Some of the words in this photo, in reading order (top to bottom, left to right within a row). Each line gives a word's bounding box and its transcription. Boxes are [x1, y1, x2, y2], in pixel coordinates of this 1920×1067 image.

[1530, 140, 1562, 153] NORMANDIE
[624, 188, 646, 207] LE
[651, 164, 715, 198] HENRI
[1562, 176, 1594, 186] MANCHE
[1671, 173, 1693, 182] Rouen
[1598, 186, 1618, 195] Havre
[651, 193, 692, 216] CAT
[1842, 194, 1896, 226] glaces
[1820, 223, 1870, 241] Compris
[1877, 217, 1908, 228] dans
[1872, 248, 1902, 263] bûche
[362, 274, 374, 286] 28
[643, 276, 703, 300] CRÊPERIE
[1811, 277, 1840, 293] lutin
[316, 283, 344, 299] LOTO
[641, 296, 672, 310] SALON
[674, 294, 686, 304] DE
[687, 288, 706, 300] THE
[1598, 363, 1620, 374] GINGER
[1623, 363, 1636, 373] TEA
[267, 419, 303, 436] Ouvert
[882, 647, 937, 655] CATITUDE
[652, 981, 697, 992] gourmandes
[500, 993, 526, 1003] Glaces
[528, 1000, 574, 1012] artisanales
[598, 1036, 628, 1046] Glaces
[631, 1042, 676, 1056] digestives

■ ■ ■ ■ ■

## Problem
Give back every entry exactly, with nothing left out.

## Completed task
Some of the words in this photo, in reading order (top to bottom, left to right within a row). Each line gives a word's bounding box and its transcription. Boxes are [x1, y1, x2, y2], in pixel coordinates of this 1920×1067 image.

[1530, 140, 1562, 153] NORMANDIE
[624, 188, 646, 207] LE
[651, 164, 715, 198] HENRI
[1562, 176, 1594, 186] MANCHE
[1671, 173, 1693, 182] Rouen
[1598, 186, 1618, 195] Havre
[651, 193, 692, 216] CAT
[1842, 194, 1896, 226] glaces
[1820, 223, 1870, 241] Compris
[1877, 217, 1908, 228] dans
[1872, 248, 1902, 263] bûche
[362, 274, 374, 286] 28
[643, 276, 703, 300] CRÊPERIE
[1811, 277, 1840, 293] lutin
[316, 283, 344, 299] LOTO
[641, 296, 672, 310] SALON
[674, 294, 686, 304] DE
[687, 288, 706, 300] THE
[1598, 363, 1620, 374] GINGER
[1623, 363, 1636, 373] TEA
[267, 419, 303, 436] Ouvert
[882, 647, 937, 655] CATITUDE
[652, 981, 697, 992] gourmandes
[500, 993, 526, 1003] Glaces
[528, 1000, 574, 1012] artisanales
[598, 1036, 628, 1046] Glaces
[631, 1042, 676, 1056] digestives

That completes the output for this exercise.